La virgola mobile binaria a doppia precisione è un formato comunemente usato sui PC, grazie alla sua gamma più ampia rispetto alla virgola mobile a precisione singola, nonostante le sue prestazioni e il costo della larghezza di banda. È comunemente noto semplicemente come doppio. Lo standard IEEE 754 specifica un binary64 come avente:

  • Segno bit: 1 bit
  • Esponente: 11 bit
  • Significato e precisione: 53 bit (52 memorizzati esplicitamente)

Il segno bit determina il segno del numero (anche quando questo numero è zero, che è firmato).

Il campo esponente è un numero intero senza segno a 11 bit da 0 a 2047, in forma parziale: un valore esponente di 1023 rappresenta lo zero effettivo.

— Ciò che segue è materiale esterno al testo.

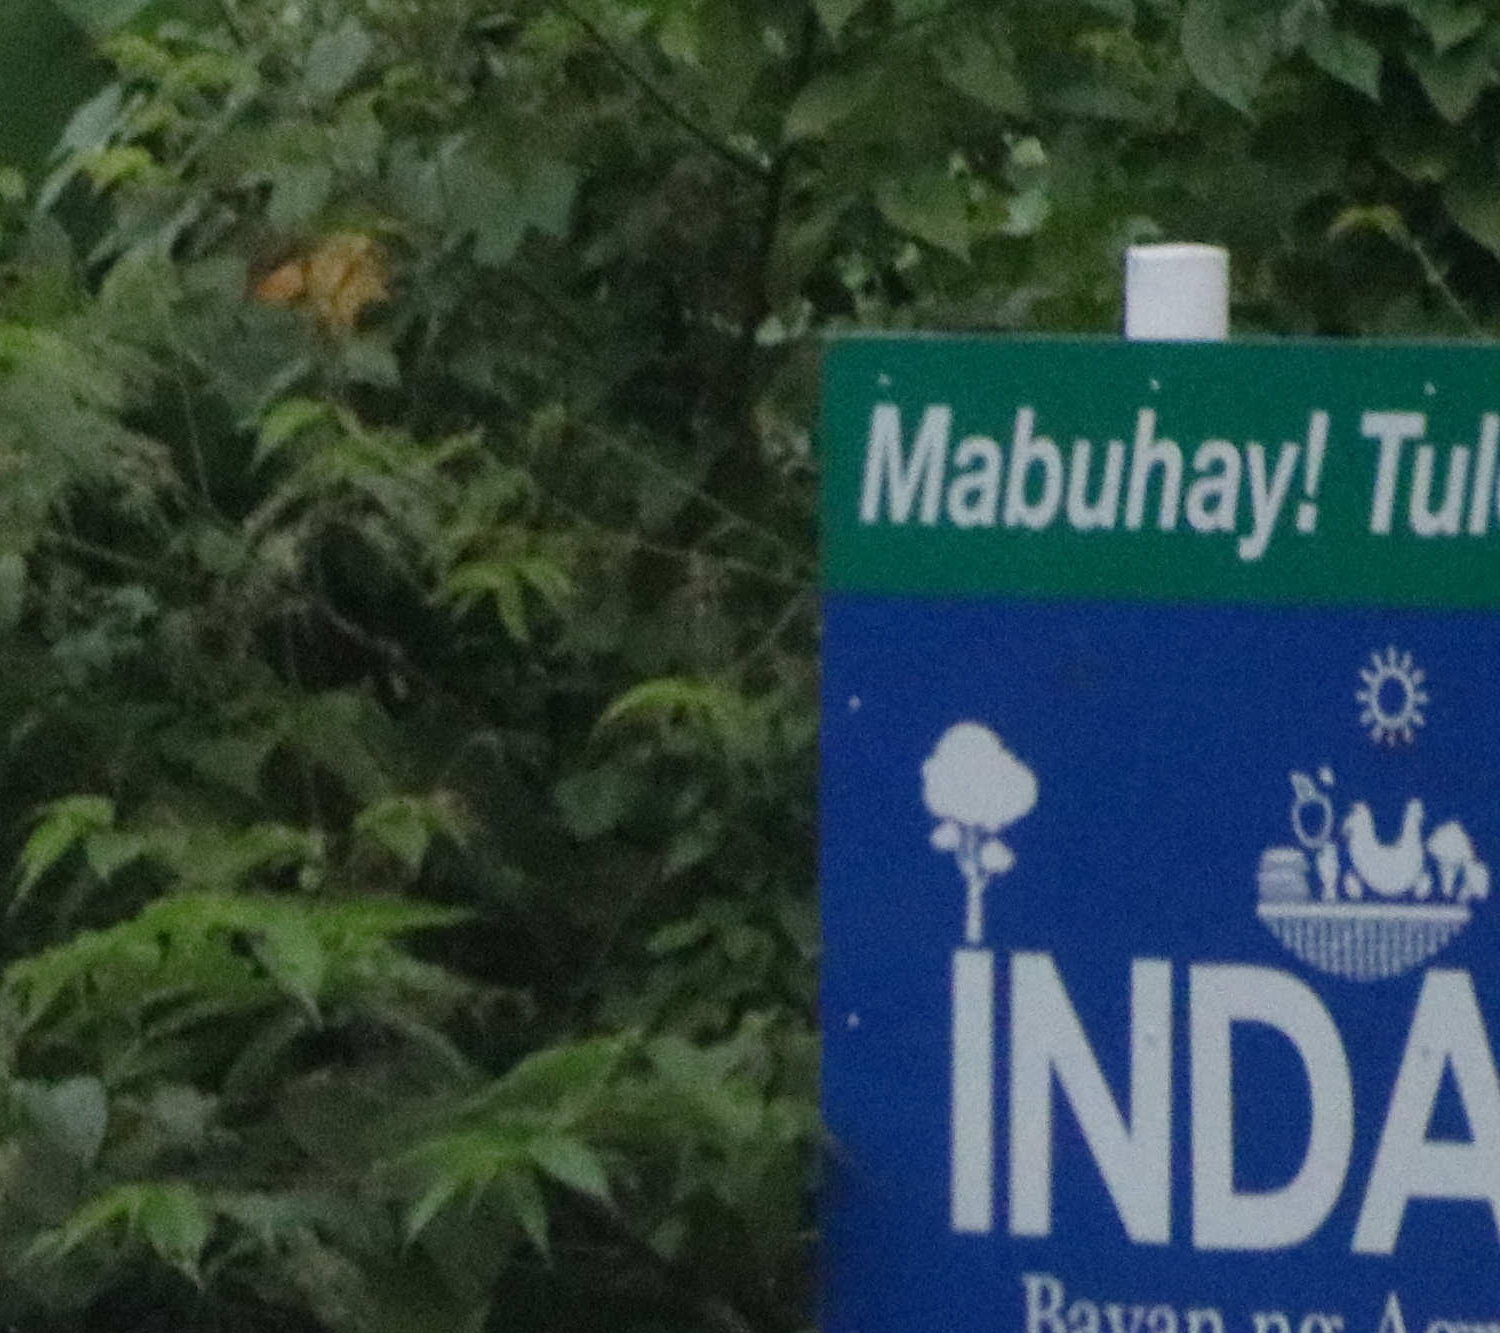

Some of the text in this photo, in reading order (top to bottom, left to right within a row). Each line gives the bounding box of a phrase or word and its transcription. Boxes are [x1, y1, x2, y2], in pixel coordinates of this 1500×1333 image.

[860, 403, 1500, 561] Mabuhay! Tul
[949, 947, 1500, 1256] INDA

Gli esponenti vanno da -1022 a +1023 perché gli esponenti di -1023 (tutti 0) e +1024 (tutti 1) sono riservati ai numeri speciali.

La precisione significand a 53 bit fornisce da 15 a 17 cifre decimali significative di precisione (2-53 ≈ 1.11 × 10-16). Se una stringa decimale con al massimo 15 cifre significative viene convertita nella rappresentazione a doppia precisione IEEE 754 e quindi convertita in una stringa decimale con lo stesso numero di cifre, il risultato finale deve corrispondere alla stringa originale. Se un numero a doppia precisione IEEE 754 viene convertito in una stringa decimale con almeno 17 cifre significative e quindi riconvertito in una rappresentazione a doppia precisione, il risultato finale deve corrispondere al numero originale.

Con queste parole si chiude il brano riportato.